Each organisation should have its own purpose, which attracts its own set of customers, who have their specific needs (which we need to constantly listen to)…, which then determine the absolute perfection we need to be continually aiming for.

You can see that, if we use benchmark metrics, we usually end up back with the Target/ Incentive game. We can expect distorted results and ‘wrong’ behaviours.

The real point – Experimentation and learning: Now you might respond “okay, so we won’t benchmark on result metrics…but surely we should be benchmarking on the methods being used by others?”

The trouble with this goes back to the 2nd, and most consequential, ‘sin’ of school boy copying – if you copy another’s method, you won’t learn and you won’t develop.

“We should not spend too much time benchmarking what others – including Toyota – are doing.

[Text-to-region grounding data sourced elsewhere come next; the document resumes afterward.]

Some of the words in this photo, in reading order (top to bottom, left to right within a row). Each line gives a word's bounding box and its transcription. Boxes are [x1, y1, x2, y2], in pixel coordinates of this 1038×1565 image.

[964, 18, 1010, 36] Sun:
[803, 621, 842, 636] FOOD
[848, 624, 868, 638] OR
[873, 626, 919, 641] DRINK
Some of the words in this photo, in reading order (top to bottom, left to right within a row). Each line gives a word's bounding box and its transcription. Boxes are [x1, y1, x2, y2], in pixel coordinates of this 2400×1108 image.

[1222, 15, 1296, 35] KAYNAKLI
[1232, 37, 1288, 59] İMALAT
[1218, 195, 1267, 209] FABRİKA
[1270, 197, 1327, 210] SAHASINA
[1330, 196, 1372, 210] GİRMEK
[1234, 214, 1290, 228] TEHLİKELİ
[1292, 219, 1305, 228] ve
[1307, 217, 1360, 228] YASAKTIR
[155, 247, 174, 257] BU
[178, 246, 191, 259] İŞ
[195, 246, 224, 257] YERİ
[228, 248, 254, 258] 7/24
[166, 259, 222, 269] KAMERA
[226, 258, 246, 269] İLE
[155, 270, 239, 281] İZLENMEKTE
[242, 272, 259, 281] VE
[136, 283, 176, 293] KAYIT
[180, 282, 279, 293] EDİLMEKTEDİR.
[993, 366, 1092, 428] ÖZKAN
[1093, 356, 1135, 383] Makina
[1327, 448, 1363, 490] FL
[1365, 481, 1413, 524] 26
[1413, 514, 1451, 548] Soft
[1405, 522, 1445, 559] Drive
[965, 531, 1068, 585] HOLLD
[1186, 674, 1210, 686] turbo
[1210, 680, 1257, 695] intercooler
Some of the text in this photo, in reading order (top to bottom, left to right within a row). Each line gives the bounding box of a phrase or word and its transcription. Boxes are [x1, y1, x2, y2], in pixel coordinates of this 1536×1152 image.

You yourself are the benchmark:

  • Where are you now?
  • Where do you want to be next?
  • What obstacles are preventing you from getting there?

…the ability of your company to be competitive and survive lies not so much in solutions themselves, but in the capability of the people in your organisation to understand a situation and develop solutions. (Mike Rother)

When you ‘benchmark’ against another organisation’s methods you see their results and you (perhaps) can adequately describe what you see, but:

  • you don’t understand how they got to where they are currently at, nor where they will be able to get to next;
  • you are not utilising the brains and passion of your workers, to take you where they undeniably can if you provide the environment to allow them to do so.

…and, as a result, you will remain relatively static (and stale) despite what changes in method you copy.

“When you give an employee an answer, you rob them of the opportunity to figure it out themselves and the opportunity to grow and develop.” (John Shook)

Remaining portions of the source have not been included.